Kolonel Erwin juga menegaskan bahwa pihaknya telah memberikan teguran kepada PT. Tommy Utama untuk lebih memastikan kelengkapan dokumen di masa mendatang.
“Kami memberikan peringatan kepada perusahaan pengangkut dan penyedia angkutan agar selalu melengkapi dokumen setiap kali melakukan pengiriman. Hal ini untuk mencegah kesalahpahaman atau penahanan barang yang tidak perlu,” katanya.
Namun, teguran ini dinilai terlalu lemah mengingat kasus ini melibatkan sumber daya strategis seperti timah. Apakah hanya dengan teguran, risiko pelanggaran serupa dapat dicegah? Publik menilai langkah ini tidak mencerminkan ketegasan TNI AL dalam menjaga kekayaan negara.

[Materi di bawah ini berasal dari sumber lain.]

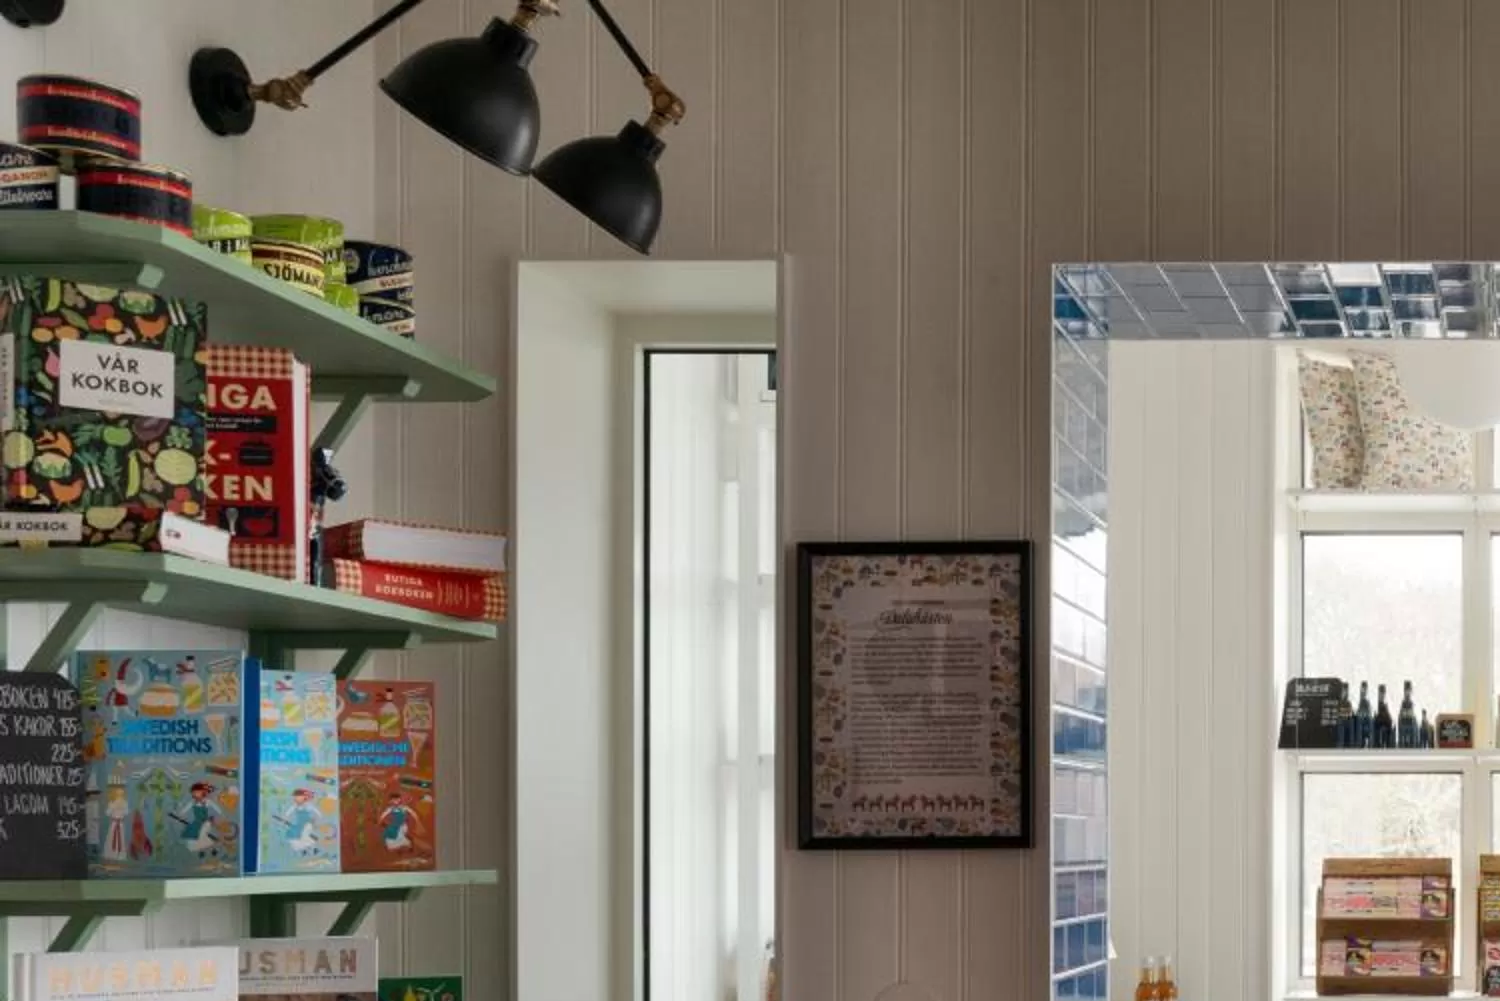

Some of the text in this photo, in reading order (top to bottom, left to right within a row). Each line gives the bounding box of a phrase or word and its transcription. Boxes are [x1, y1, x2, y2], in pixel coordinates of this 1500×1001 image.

[97, 354, 139, 373] VÅR
[72, 372, 163, 398] KOKBOK
[206, 383, 277, 411] IGA
[16, 520, 68, 532] KOKBOK
[383, 573, 423, 587] RUTIGA
[375, 585, 434, 600] KOKBOKEN
[121, 719, 199, 735] EDISH
[107, 736, 212, 754] TDITIONS
[4, 792, 49, 815] LAGOM
[49, 958, 218, 994] HUSMAN
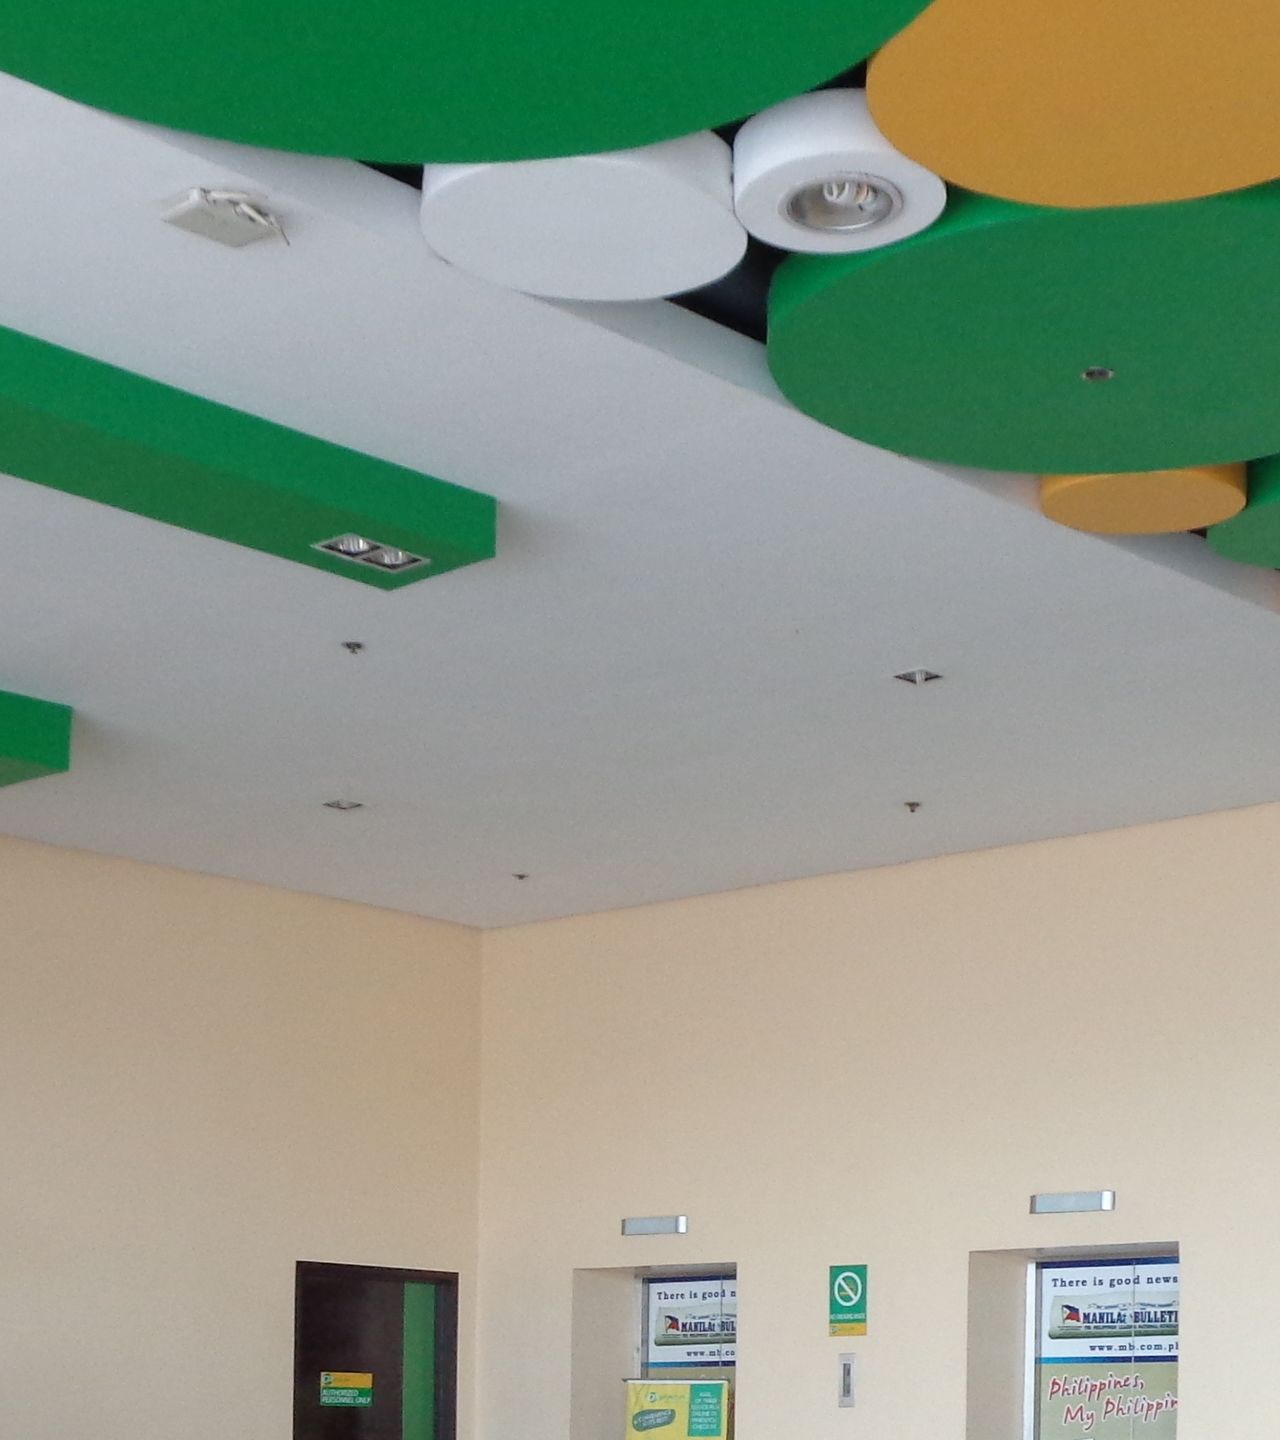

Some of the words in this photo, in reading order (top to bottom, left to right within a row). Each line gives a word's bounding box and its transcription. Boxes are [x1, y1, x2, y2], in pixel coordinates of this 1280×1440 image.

[1052, 1277, 1088, 1288] There
[1093, 1276, 1104, 1286] is
[1109, 1275, 1141, 1288] good
[1146, 1276, 1179, 1284] news
[657, 1290, 685, 1300] There
[689, 1290, 698, 1299] is
[702, 1289, 726, 1301] good
[1082, 1311, 1123, 1324] MANILA
[680, 1321, 714, 1333] MANILA
[322, 1388, 359, 1397] AUTHORIZED
[1048, 1373, 1144, 1401] Philippines,
[322, 1396, 354, 1404] PERSONNEL
[354, 1396, 371, 1404] ONLY
[1063, 1405, 1095, 1431] My

Keputusan pelepasan ini juga menciptakan preseden yang mengkhawatirkan. Jika dokumen yang tiba-tiba “lengkap” bisa menjadi alasan pelepasan, apakah tidak ada peluang bagi pelaku penyelundupan untuk memanfaatkan celah ini di kemudian hari? Sistem pengawasan dan penegakan hukum tampaknya perlu diperkuat untuk mencegah situasi serupa di masa depan.

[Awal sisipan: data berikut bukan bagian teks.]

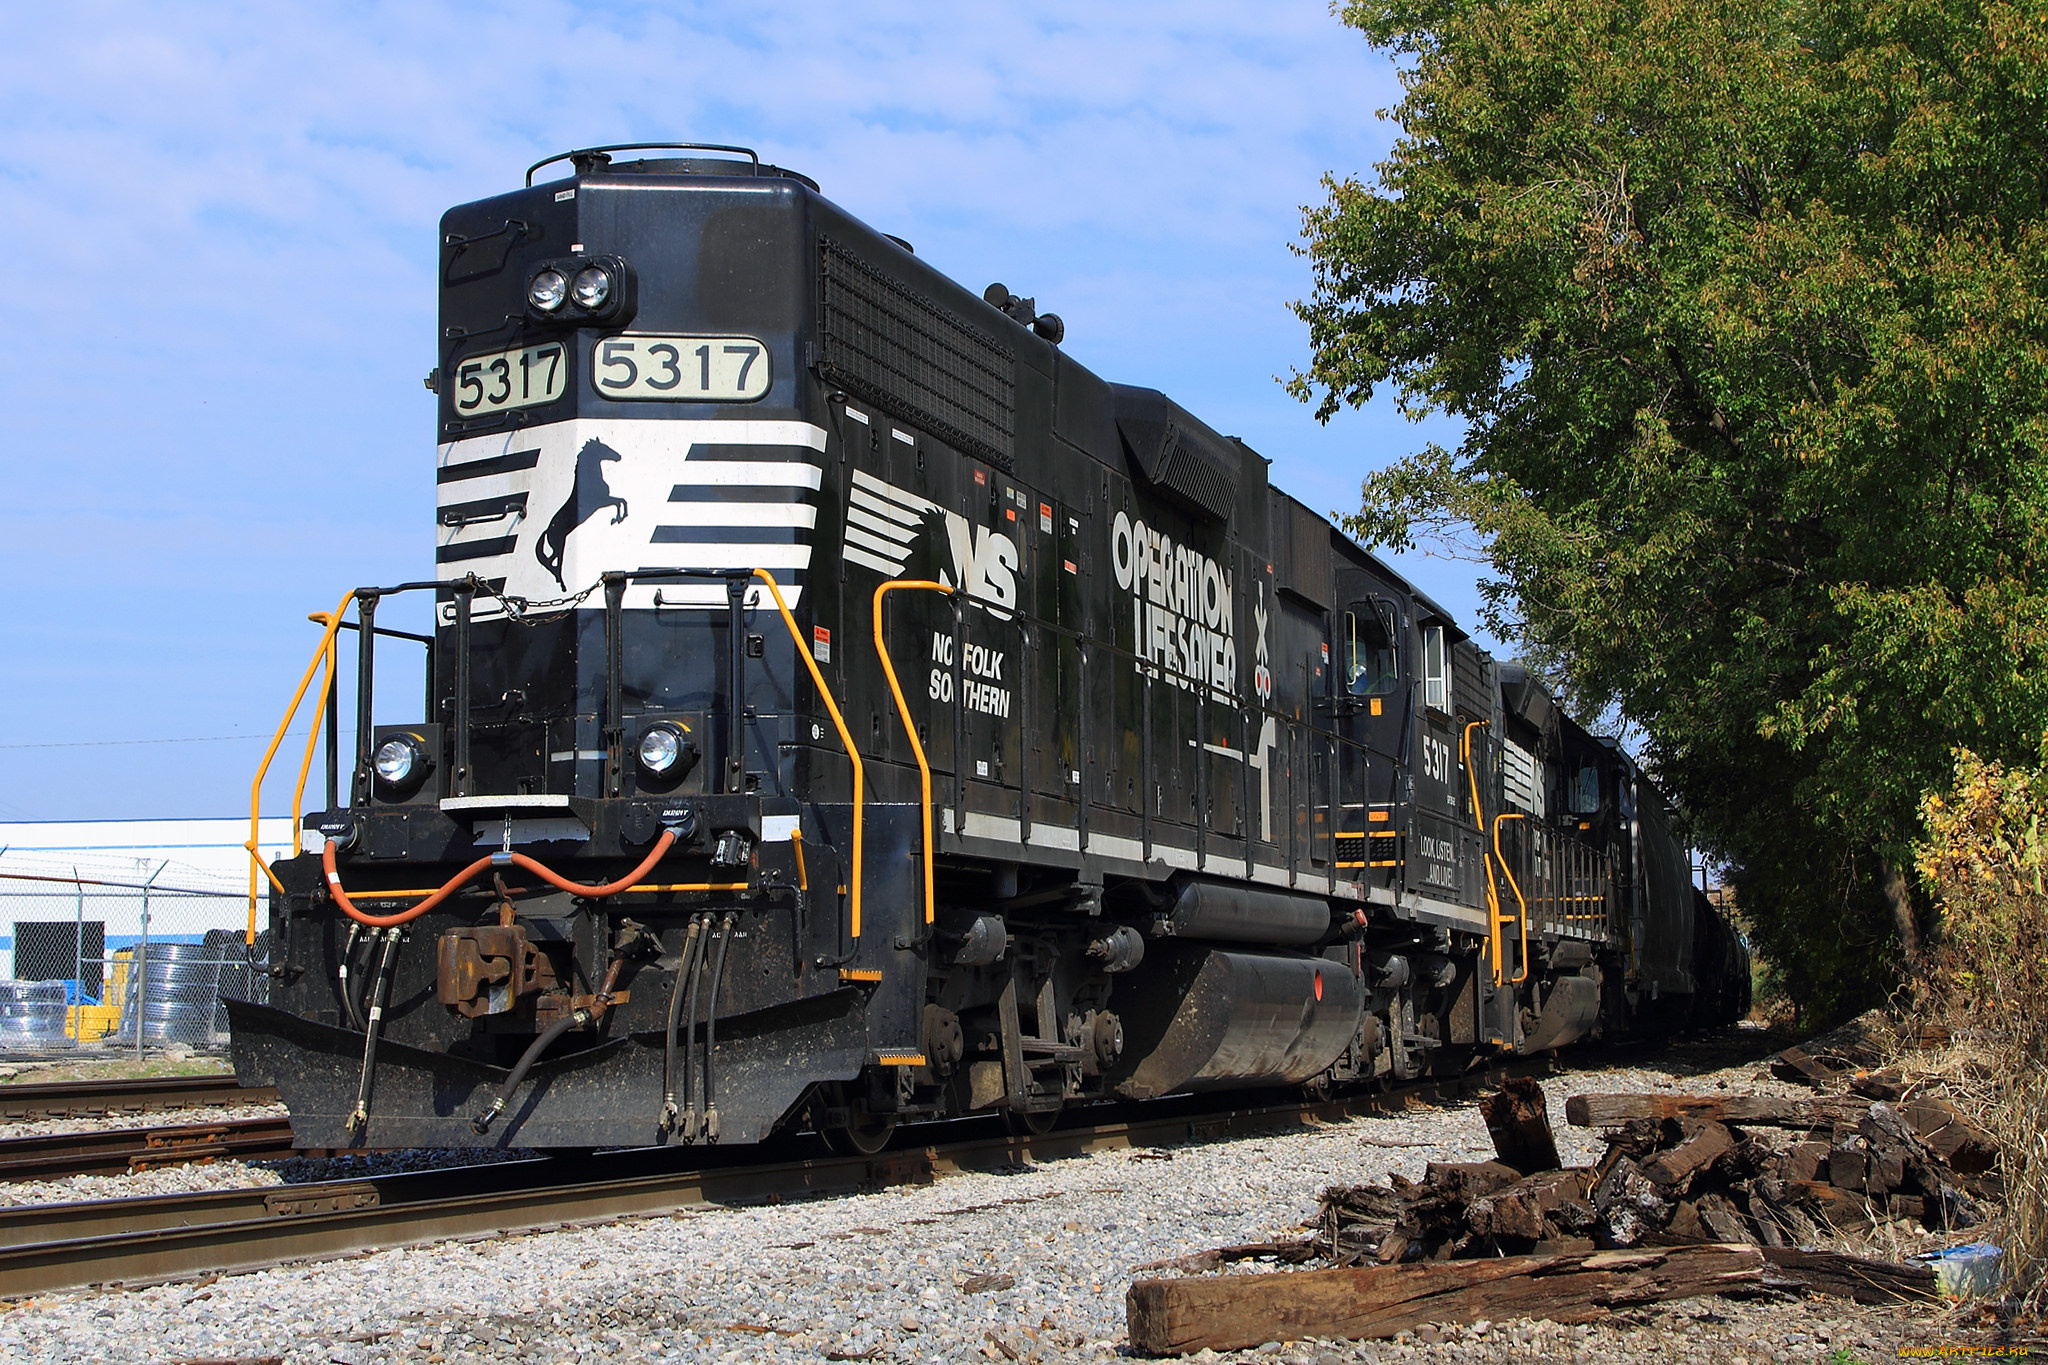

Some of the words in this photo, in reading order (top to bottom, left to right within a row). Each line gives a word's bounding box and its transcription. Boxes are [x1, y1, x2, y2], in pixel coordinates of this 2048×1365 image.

Penangkapan delapan truk ini awalnya dianggap sebagai langkah serius TNI AL dalam memberantas penyelundupan, namun pelepasannya justru mengikis kepercayaan masyarakat. Publik berhak meminta penjelasan lebih transparan terkait proses ini untuk memastikan bahwa kejadian serupa tidak terulang.

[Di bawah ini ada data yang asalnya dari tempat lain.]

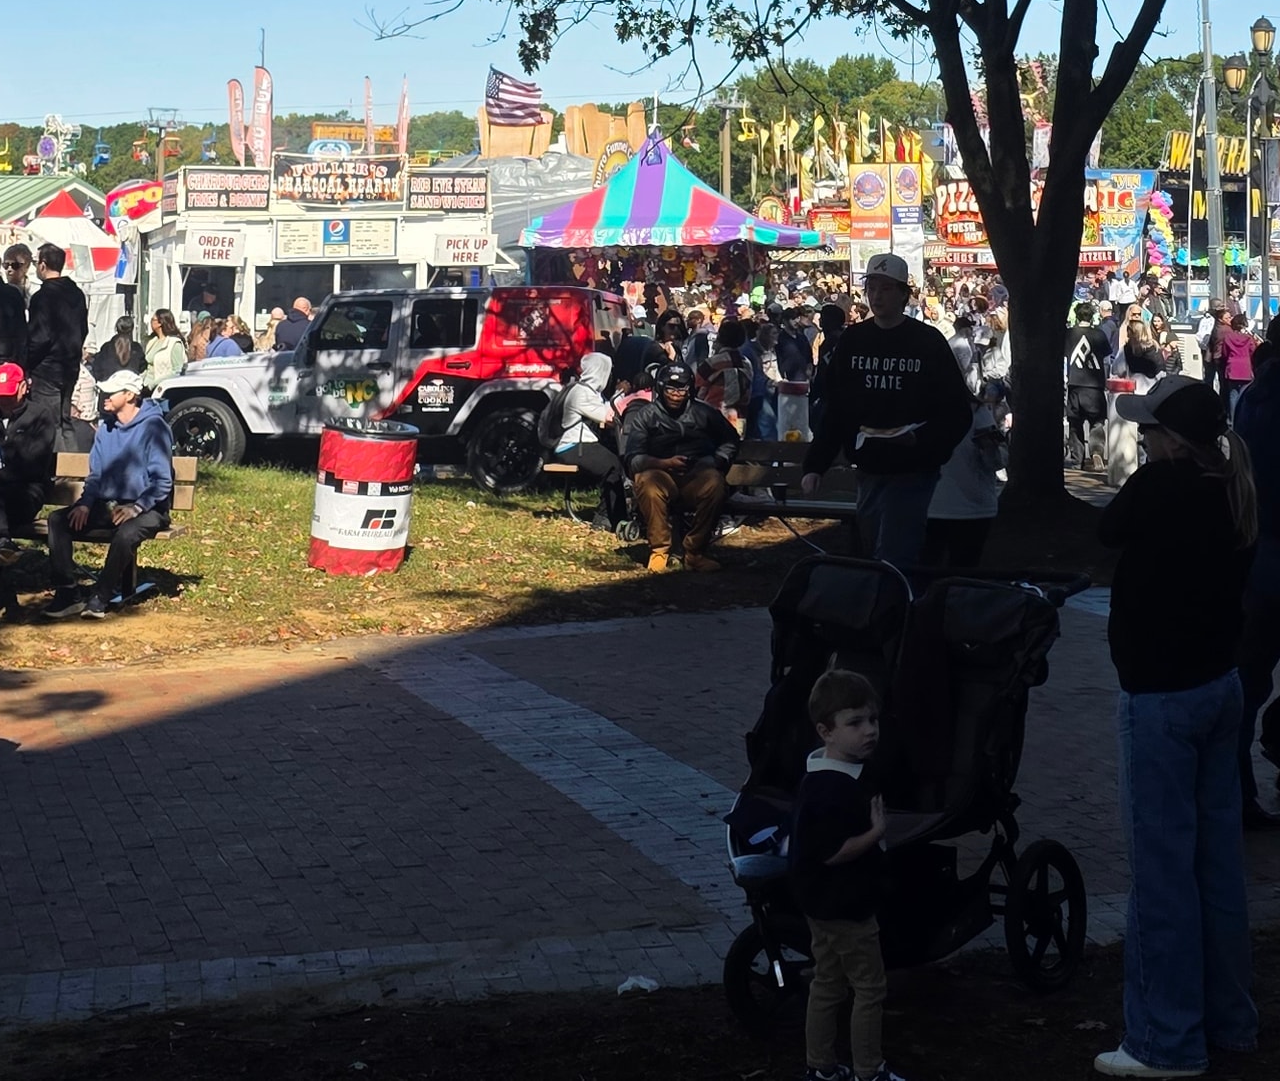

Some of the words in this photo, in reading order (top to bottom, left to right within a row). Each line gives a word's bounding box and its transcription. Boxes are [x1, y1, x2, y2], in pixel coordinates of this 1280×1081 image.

[290, 162, 388, 177] FULLER'S
[593, 154, 607, 188] hurro
[186, 174, 269, 191] CHARBURGERS
[411, 177, 431, 192] RIB
[432, 177, 452, 192] EYE
[455, 178, 486, 193] STEAK
[188, 193, 218, 207] FRIES
[220, 194, 228, 207] &
[410, 195, 485, 208] SANDWICHES
[935, 181, 982, 217] PIZZ
[947, 222, 977, 233] FRESH
[199, 236, 235, 248] ORDER
[964, 231, 983, 243] HOT
[446, 239, 470, 250] PICK
[474, 239, 488, 250] UP
[203, 249, 231, 260] HERE
[453, 252, 479, 263] HERE
[851, 356, 879, 370] FEAR
[883, 357, 897, 370] OF
[899, 358, 921, 373] GOD
[316, 383, 332, 397] got
[333, 380, 346, 392] to
[865, 375, 902, 390] STATE
[333, 389, 346, 399] be
[347, 379, 375, 405] NC
[338, 529, 360, 537] FARM
[362, 530, 393, 539] BUREAU

Sebagai garda depan penjaga kedaulatan negara, TNI AL harus memastikan bahwa tindakan mereka tidak hanya berdasarkan dokumen administratif, tetapi juga membawa pesan tegas bagi para pelaku kejahatan ekonomi. Jika tidak, kepercayaan publik akan tergerus, dan tindakan seperti ini hanya akan dianggap formalitas tanpa hasil nyata yang memberikan efek jera.